### Dataset
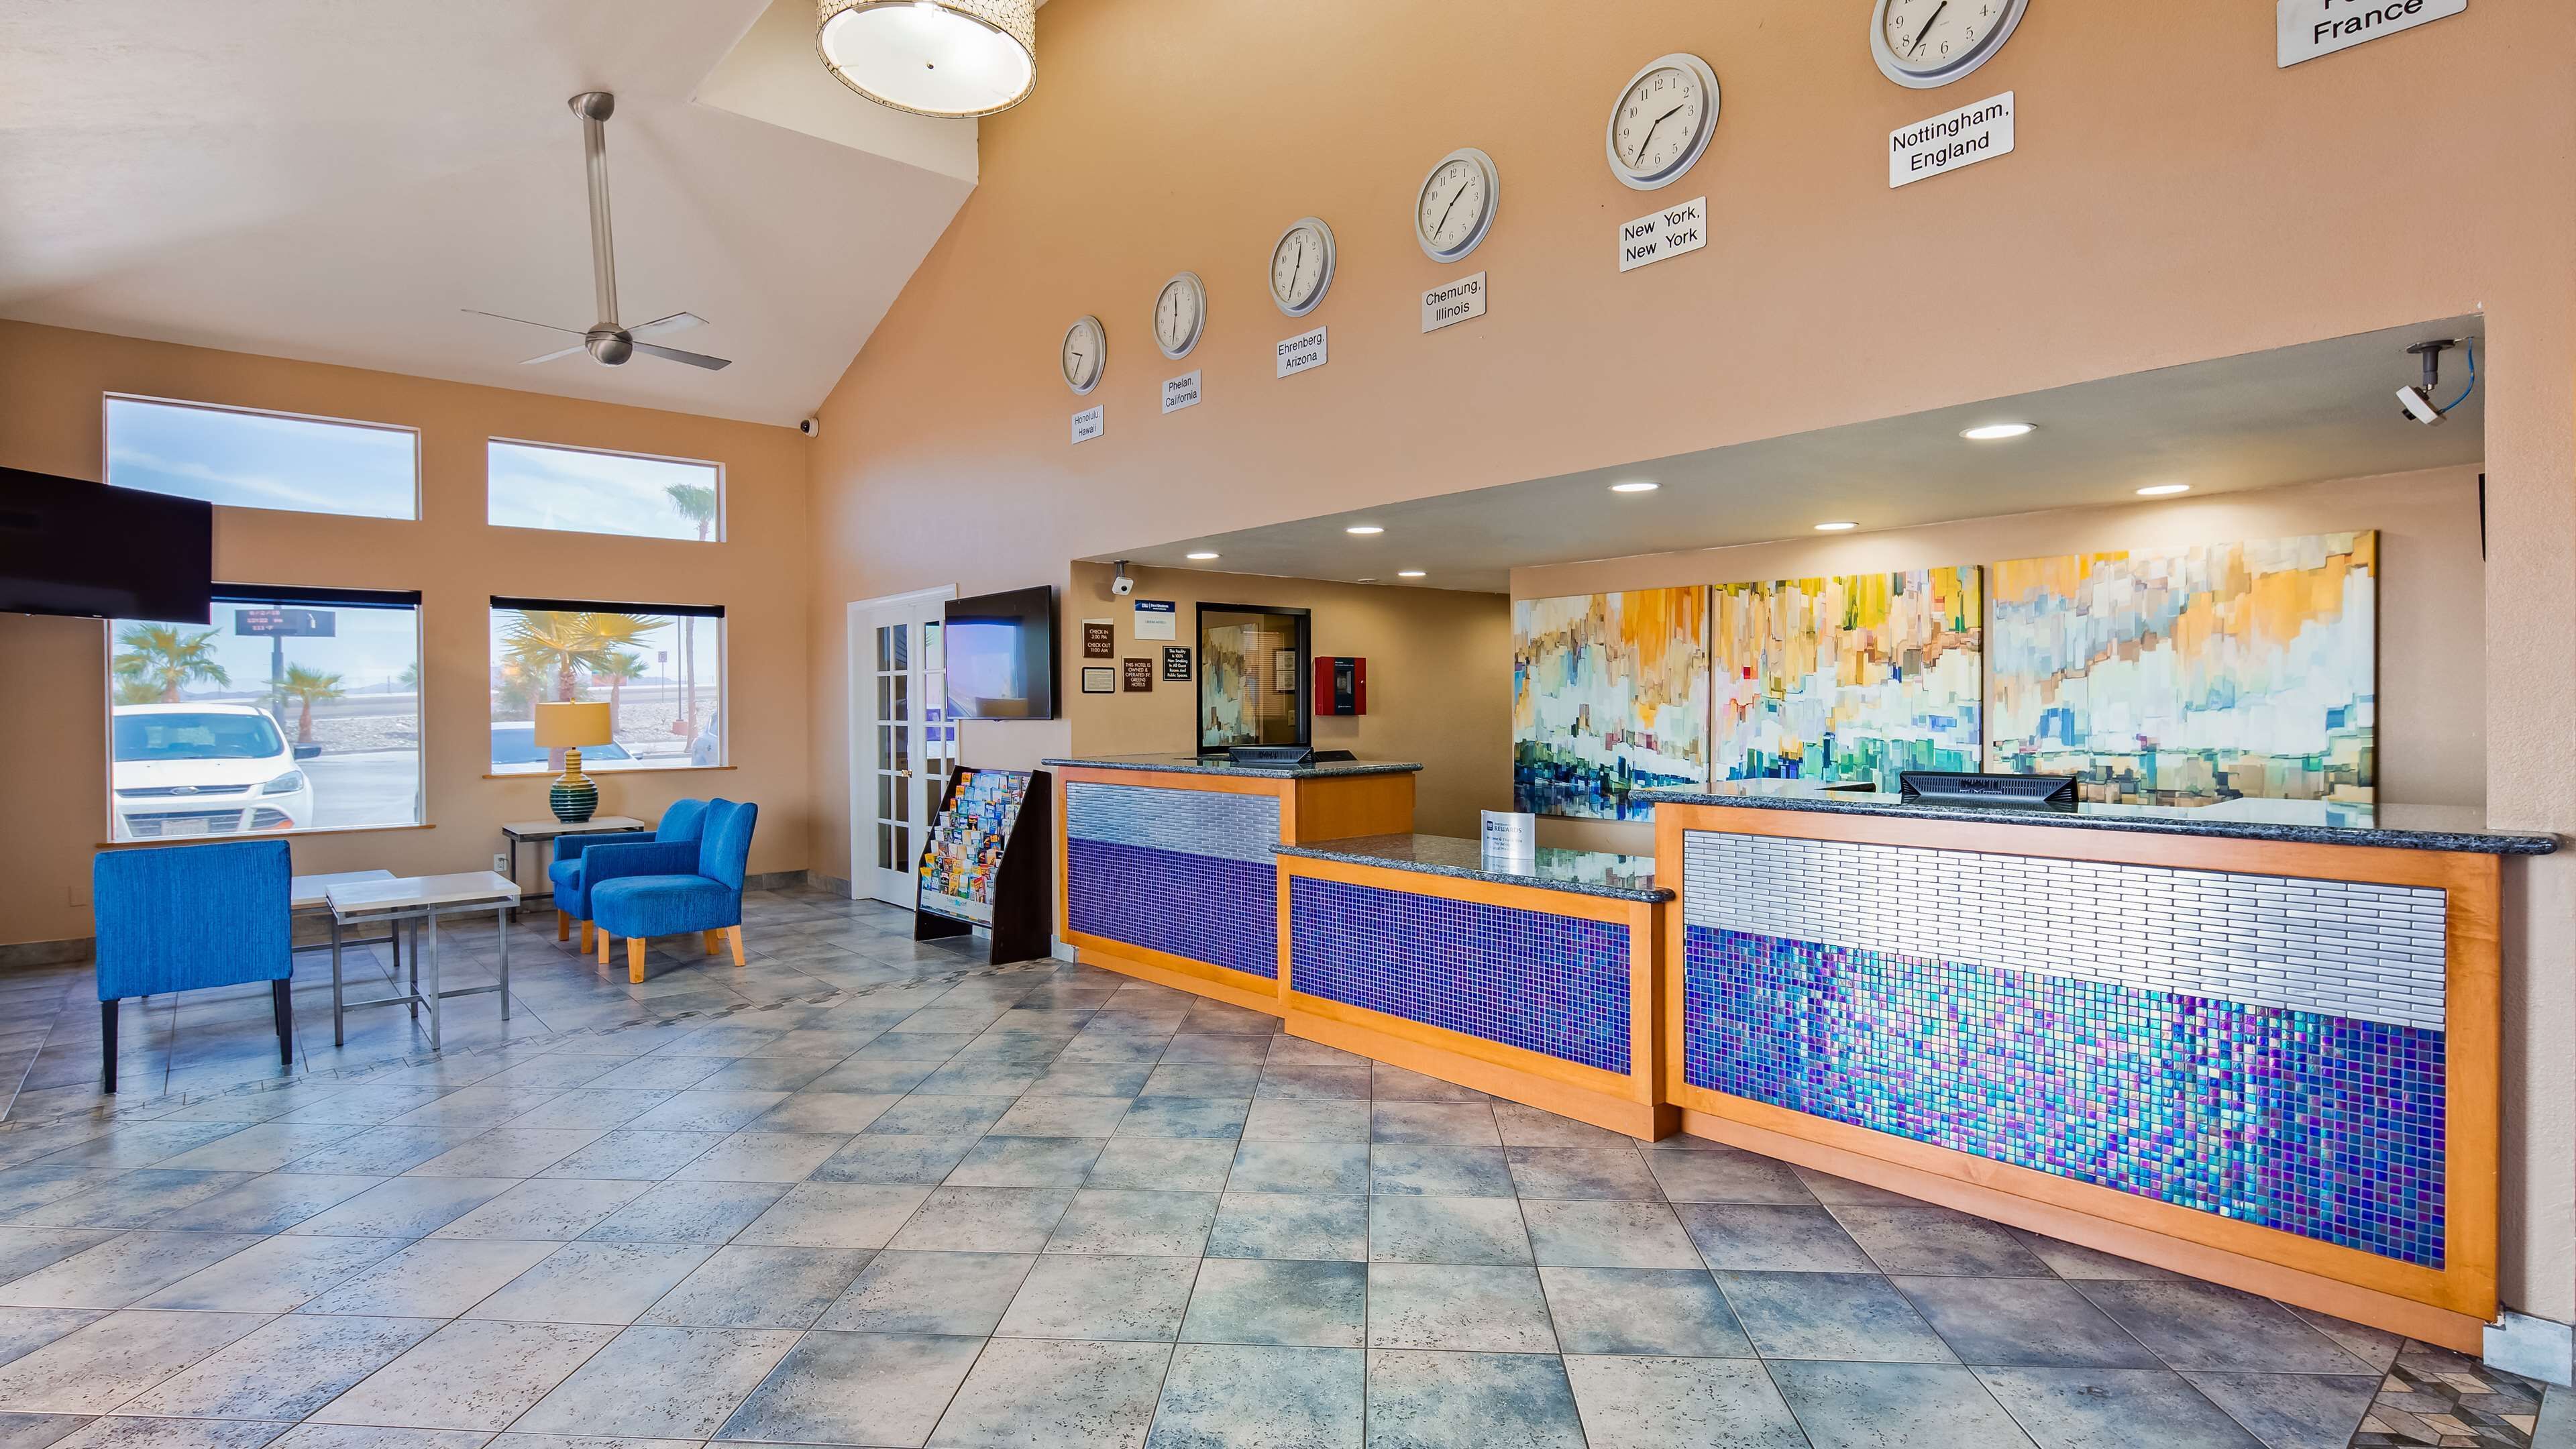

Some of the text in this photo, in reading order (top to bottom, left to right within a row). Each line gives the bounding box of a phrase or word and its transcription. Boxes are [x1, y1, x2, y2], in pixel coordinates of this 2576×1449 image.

[1979, 4, 1989, 17] 4
[1896, 16, 1904, 29] 9
[2314, 0, 2424, 44] France
[1966, 26, 1973, 39] 5
[1902, 34, 1910, 47] 8
[1919, 43, 1927, 56] 7
[1940, 41, 1949, 54] 6
[1654, 78, 1663, 91] 12
[1641, 89, 1648, 101] 11
[1683, 87, 1689, 98] 2
[1630, 106, 1638, 118] 10
[1688, 105, 1694, 116] 3
[1623, 128, 1629, 139] 9
[1682, 126, 1688, 136] 4
[1893, 104, 2009, 152] Nottingham,
[1628, 145, 1633, 155] 8
[1672, 143, 1678, 154] 5
[1911, 130, 1989, 171] England
[1655, 153, 1661, 164] 6
[1450, 168, 1457, 179] 12
[1440, 176, 1446, 187] 11
[1471, 177, 1476, 186] 2
[1431, 191, 1438, 201] 10
[1474, 192, 1479, 201] 3
[1427, 209, 1431, 218] 9
[1469, 209, 1474, 218] 4
[1430, 223, 1434, 232] 8
[1462, 223, 1466, 232] 5
[1625, 206, 1700, 241] New York,
[1295, 235, 1301, 245] 12
[1449, 231, 1453, 240] 6
[1288, 242, 1292, 252] 11
[1626, 228, 1697, 262] New York
[1426, 281, 1481, 306] Chemung,
[1437, 302, 1469, 321] Illinois
[1279, 333, 1325, 356] Ehrenberg,
[1286, 352, 1317, 369] Arizona
[1169, 378, 1194, 392] Phelan,
[1166, 390, 1197, 407] California
[1075, 410, 1100, 424] Honolulu,
[1078, 424, 1096, 437] Hawaii

### Requirement
Each entry above should be printed again word for word, with any picture dropped.

### Task output
Some of the text in this photo, in reading order (top to bottom, left to right within a row). Each line gives the bounding box of a phrase or word and its transcription. Boxes are [x1, y1, x2, y2], in pixel coordinates of this 2576×1449 image.

[1979, 4, 1989, 17] 4
[1896, 16, 1904, 29] 9
[2314, 0, 2424, 44] France
[1966, 26, 1973, 39] 5
[1902, 34, 1910, 47] 8
[1919, 43, 1927, 56] 7
[1940, 41, 1949, 54] 6
[1654, 78, 1663, 91] 12
[1641, 89, 1648, 101] 11
[1683, 87, 1689, 98] 2
[1630, 106, 1638, 118] 10
[1688, 105, 1694, 116] 3
[1623, 128, 1629, 139] 9
[1682, 126, 1688, 136] 4
[1893, 104, 2009, 152] Nottingham,
[1628, 145, 1633, 155] 8
[1672, 143, 1678, 154] 5
[1911, 130, 1989, 171] England
[1655, 153, 1661, 164] 6
[1450, 168, 1457, 179] 12
[1440, 176, 1446, 187] 11
[1471, 177, 1476, 186] 2
[1431, 191, 1438, 201] 10
[1474, 192, 1479, 201] 3
[1427, 209, 1431, 218] 9
[1469, 209, 1474, 218] 4
[1430, 223, 1434, 232] 8
[1462, 223, 1466, 232] 5
[1625, 206, 1700, 241] New York,
[1295, 235, 1301, 245] 12
[1449, 231, 1453, 240] 6
[1288, 242, 1292, 252] 11
[1626, 228, 1697, 262] New York
[1426, 281, 1481, 306] Chemung,
[1437, 302, 1469, 321] Illinois
[1279, 333, 1325, 356] Ehrenberg,
[1286, 352, 1317, 369] Arizona
[1169, 378, 1194, 392] Phelan,
[1166, 390, 1197, 407] California
[1075, 410, 1100, 424] Honolulu,
[1078, 424, 1096, 437] Hawaii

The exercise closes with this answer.